# What the exercise asks
Copy out all of the entries, keeping every word the same.

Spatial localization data
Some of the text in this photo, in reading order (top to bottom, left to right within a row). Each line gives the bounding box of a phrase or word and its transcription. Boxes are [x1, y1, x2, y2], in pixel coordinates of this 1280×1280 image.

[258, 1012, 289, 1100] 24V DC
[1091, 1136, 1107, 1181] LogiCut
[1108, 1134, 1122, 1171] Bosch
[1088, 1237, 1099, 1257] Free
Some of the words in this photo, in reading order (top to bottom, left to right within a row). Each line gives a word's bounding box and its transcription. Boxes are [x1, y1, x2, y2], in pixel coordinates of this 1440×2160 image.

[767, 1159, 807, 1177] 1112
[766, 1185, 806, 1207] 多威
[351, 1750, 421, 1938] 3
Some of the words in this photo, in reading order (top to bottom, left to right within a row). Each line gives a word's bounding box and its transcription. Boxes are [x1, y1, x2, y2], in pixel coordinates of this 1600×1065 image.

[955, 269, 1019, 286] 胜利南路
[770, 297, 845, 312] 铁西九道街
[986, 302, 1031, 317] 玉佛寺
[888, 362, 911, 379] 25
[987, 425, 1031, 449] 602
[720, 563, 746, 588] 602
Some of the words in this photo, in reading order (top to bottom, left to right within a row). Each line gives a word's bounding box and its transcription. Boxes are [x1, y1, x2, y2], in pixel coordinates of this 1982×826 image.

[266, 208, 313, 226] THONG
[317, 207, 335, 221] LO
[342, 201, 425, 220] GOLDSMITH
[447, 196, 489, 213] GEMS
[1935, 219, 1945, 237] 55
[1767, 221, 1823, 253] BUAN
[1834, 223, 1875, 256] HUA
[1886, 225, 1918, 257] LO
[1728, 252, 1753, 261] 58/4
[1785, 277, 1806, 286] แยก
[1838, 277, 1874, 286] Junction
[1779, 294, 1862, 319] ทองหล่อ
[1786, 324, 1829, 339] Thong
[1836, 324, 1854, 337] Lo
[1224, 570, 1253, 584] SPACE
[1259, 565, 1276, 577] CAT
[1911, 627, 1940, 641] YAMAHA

# Completed task
Some of the text in this photo, in reading order (top to bottom, left to right within a row). Each line gives the bounding box of a phrase or word and its transcription. Boxes are [x1, y1, x2, y2], in pixel coordinates of this 1280×1280 image.

[258, 1012, 289, 1100] 24V DC
[1091, 1136, 1107, 1181] LogiCut
[1108, 1134, 1122, 1171] Bosch
[1088, 1237, 1099, 1257] Free
Some of the words in this photo, in reading order (top to bottom, left to right within a row). Each line gives a word's bounding box and its transcription. Boxes are [x1, y1, x2, y2], in pixel coordinates of this 1440×2160 image.

[767, 1159, 807, 1177] 1112
[766, 1185, 806, 1207] 多威
[351, 1750, 421, 1938] 3
Some of the words in this photo, in reading order (top to bottom, left to right within a row). Each line gives a word's bounding box and its transcription. Boxes are [x1, y1, x2, y2], in pixel coordinates of this 1600×1065 image.

[955, 269, 1019, 286] 胜利南路
[770, 297, 845, 312] 铁西九道街
[986, 302, 1031, 317] 玉佛寺
[888, 362, 911, 379] 25
[987, 425, 1031, 449] 602
[720, 563, 746, 588] 602
Some of the words in this photo, in reading order (top to bottom, left to right within a row). Each line gives a word's bounding box and its transcription. Boxes are [x1, y1, x2, y2], in pixel coordinates of this 1982×826 image.

[266, 208, 313, 226] THONG
[317, 207, 335, 221] LO
[342, 201, 425, 220] GOLDSMITH
[447, 196, 489, 213] GEMS
[1935, 219, 1945, 237] 55
[1767, 221, 1823, 253] BUAN
[1834, 223, 1875, 256] HUA
[1886, 225, 1918, 257] LO
[1728, 252, 1753, 261] 58/4
[1785, 277, 1806, 286] แยก
[1838, 277, 1874, 286] Junction
[1779, 294, 1862, 319] ทองหล่อ
[1786, 324, 1829, 339] Thong
[1836, 324, 1854, 337] Lo
[1224, 570, 1253, 584] SPACE
[1259, 565, 1276, 577] CAT
[1911, 627, 1940, 641] YAMAHA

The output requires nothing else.